# Is this normal?



## JoshOohAh (Aug 14, 2010)

So I'm in the third week of cycling my tank and something weird happened today. So I added a beta fish to my tank the first week and then on the end of that week I changed 20% of the water. Last weekend I did another water change also 20%. I am now currently on week 3. My ammonia has been 0.25ppm through out the entire 2 weeks. I went to go test my water today and it shot all the way up to 1.0ppm. Is that normal at all? Can I expect that to go down? Should I change my carbon filter?


----------



## Big Ray (Dec 8, 2009)

Hello,
you added fish before your tank could cycle fully, and water changes just removed the food for the good bacteria.

your betta might be a goner, you should stop doing water changes till ammonia goes down to Zero. 

Better yet, take the betta out and put it in a bowl for now and change water daily, and let you tank cycle till ammonia down to zero and then add the fish.

good luck.


----------



## JoshOohAh (Aug 14, 2010)

Big Ray said:


> Hello,
> you added fish before your tank could cycle fully, and water changes just removed the food for the good bacteria.
> 
> your betta might be a goner, you should stop doing water changes till ammonia goes down to Zero.
> ...


The betta is just there to help cycle it though


----------



## Big Ray (Dec 8, 2009)

then dont do water changes, and just test your ammonia till it goes down to Zero. 

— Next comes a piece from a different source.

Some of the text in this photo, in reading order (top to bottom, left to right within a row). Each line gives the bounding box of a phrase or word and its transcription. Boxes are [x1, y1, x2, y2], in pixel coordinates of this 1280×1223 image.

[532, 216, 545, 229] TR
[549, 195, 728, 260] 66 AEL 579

then do a water change to remove nitrates 

1 PPM is not too much to kill the betta hopefully, but in general, ammonia is toxic to fish


----------



## JoshOohAh (Aug 14, 2010)

Big Ray said:


> then dont do water changes, and just test your ammonia till it goes down to Zero.
> 
> then do a water change to remove nitrates
> 
> 1 PPM is not too much to kill the betta hopefully, but in general, ammonia is toxic to fish


Odd I tested it again and am getting a reading of .5ppm


----------



## Lee_D (Jun 11, 2010)

I've never used one of those test kits but what might explain the difference is the normal level of error involved in the test itself. If the difference between 0.5ppm and 1.0 ppm is one drop of chemical then it's not much difference at all.

Another possibilty is how you collected the sample. You may not have gotten a representative sample. If you collected your little bit of water from a spot that is higher than most of the tank due to poor circulation maybe that will cause an erratic reading.

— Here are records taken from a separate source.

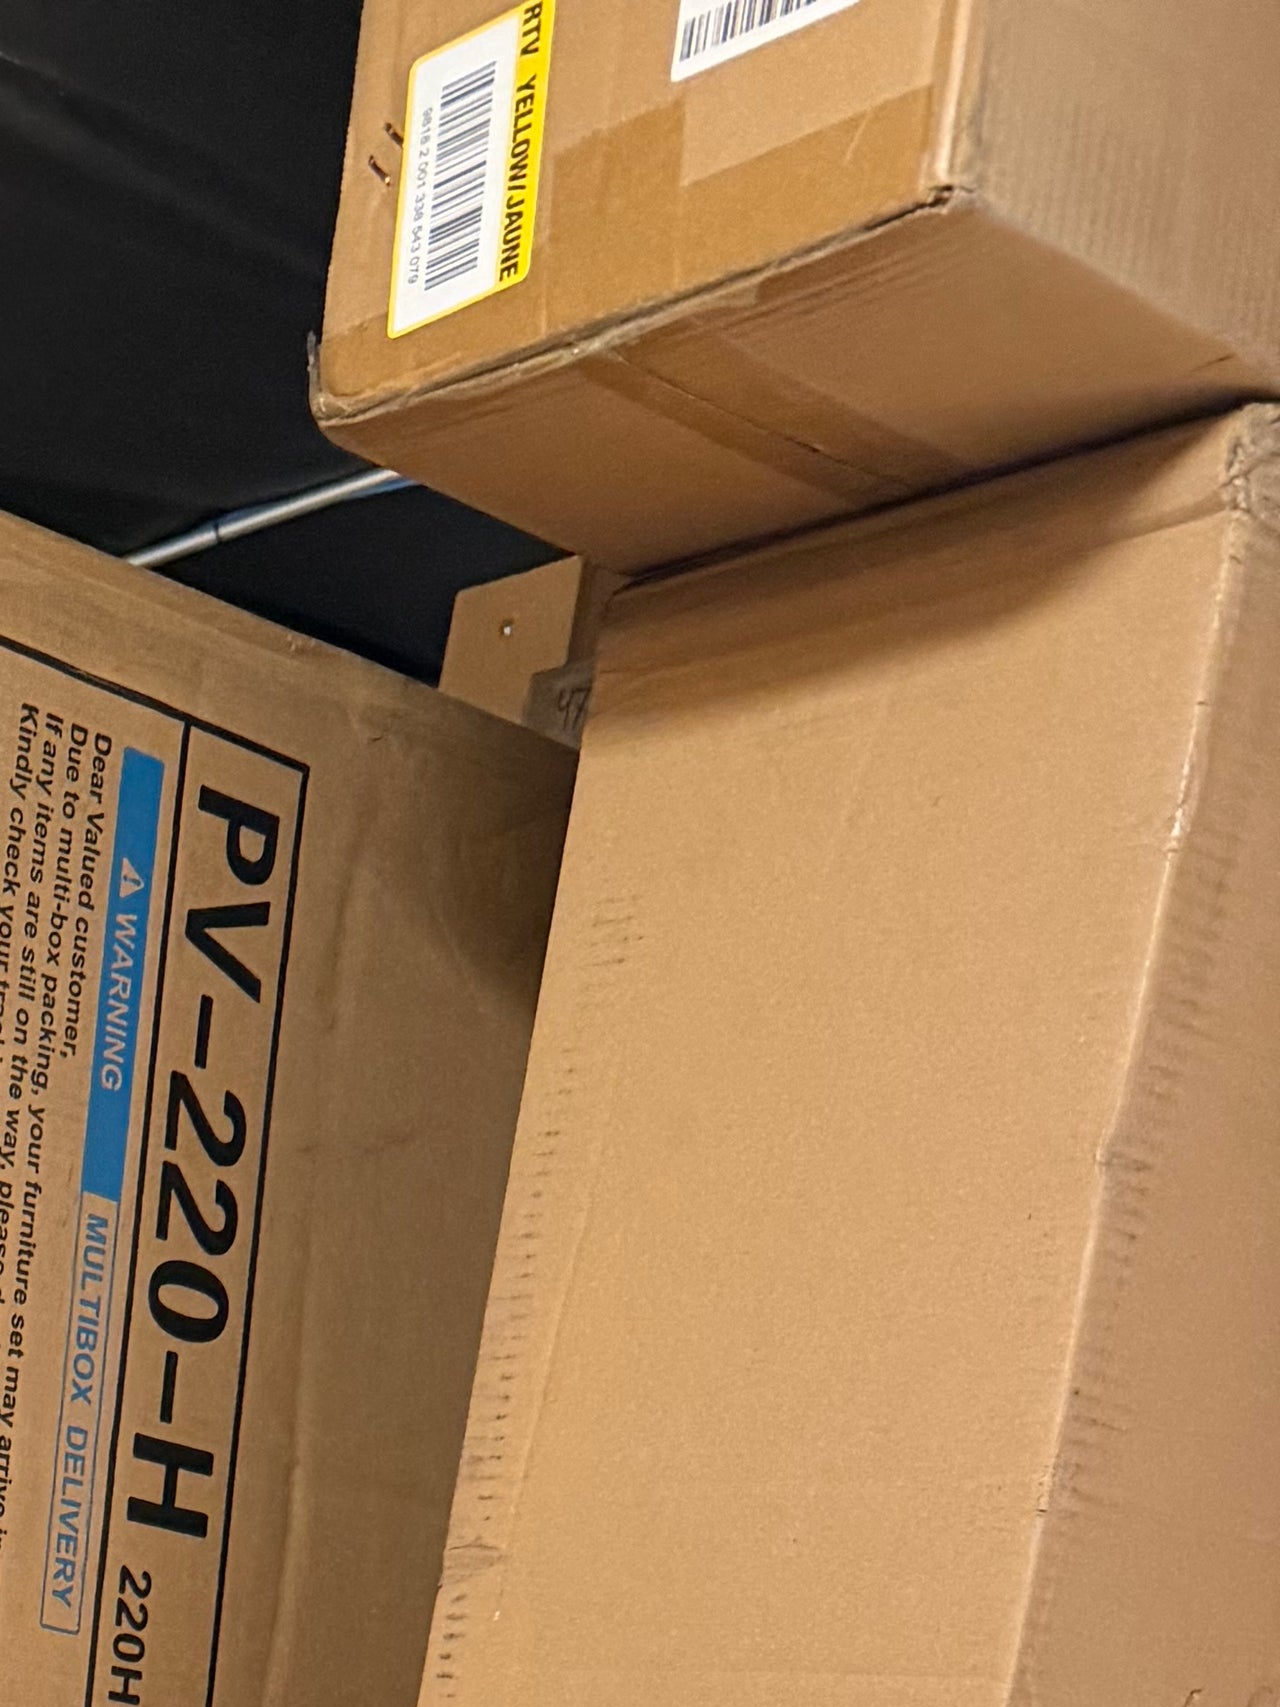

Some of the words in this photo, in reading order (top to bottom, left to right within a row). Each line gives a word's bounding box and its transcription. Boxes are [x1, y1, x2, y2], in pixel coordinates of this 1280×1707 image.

[520, 3, 542, 57] RTV
[499, 74, 536, 282] YELLOW/JAUNE
[44, 711, 64, 739] If
[65, 721, 89, 783] Due
[34, 739, 57, 797] any
[61, 789, 80, 820] to
[88, 731, 113, 805] Dear
[28, 801, 55, 884] items
[76, 811, 105, 912] Valued
[23, 890, 41, 939] are
[45, 826, 73, 967] multi-box
[17, 944, 37, 1002] still
[58, 915, 89, 1059] customer,
[100, 910, 139, 1093] WARNING
[12, 1006, 30, 1046] on
[29, 971, 58, 1096] packing,
[7, 1053, 29, 1100] the
[26, 1102, 46, 1175] your
[126, 784, 281, 1540] PV-220-H
[12, 1179, 43, 1305] furniture
[6, 1311, 25, 1359] set
[70, 1212, 109, 1404] MULTIBOX
[51, 1426, 88, 1608] DELIVERY

Another possibility is that your sample container is contaminated. Ammonia is everywhere. Especially in soap. Clean your containers with lots of water before using and then rinse the container with tank water (dumping the rinse down the sink) before you collect your sample. Likely Overkill but people around here like that sort of thing 

Lee


----------



## SOUPNAZZI (Sep 24, 2010)

Josh

I went through a Fish Cycle myself, It will take longer.
You can keep the Betta in there. It will be fine
Keep up with your water changes to keep your ammonia down. You might want to up it to a 50% water change
The Bacteria will still grow but at a slower rate.. which is fine in a Fish cycle.

I started our with 4 hardy fish in my son's tank in the cycle.. They were all fine with no stress or injuries. all healthy and eating well..

Keep up with the routine and be patient.. I've been there.. your nitrites will start to show up soon..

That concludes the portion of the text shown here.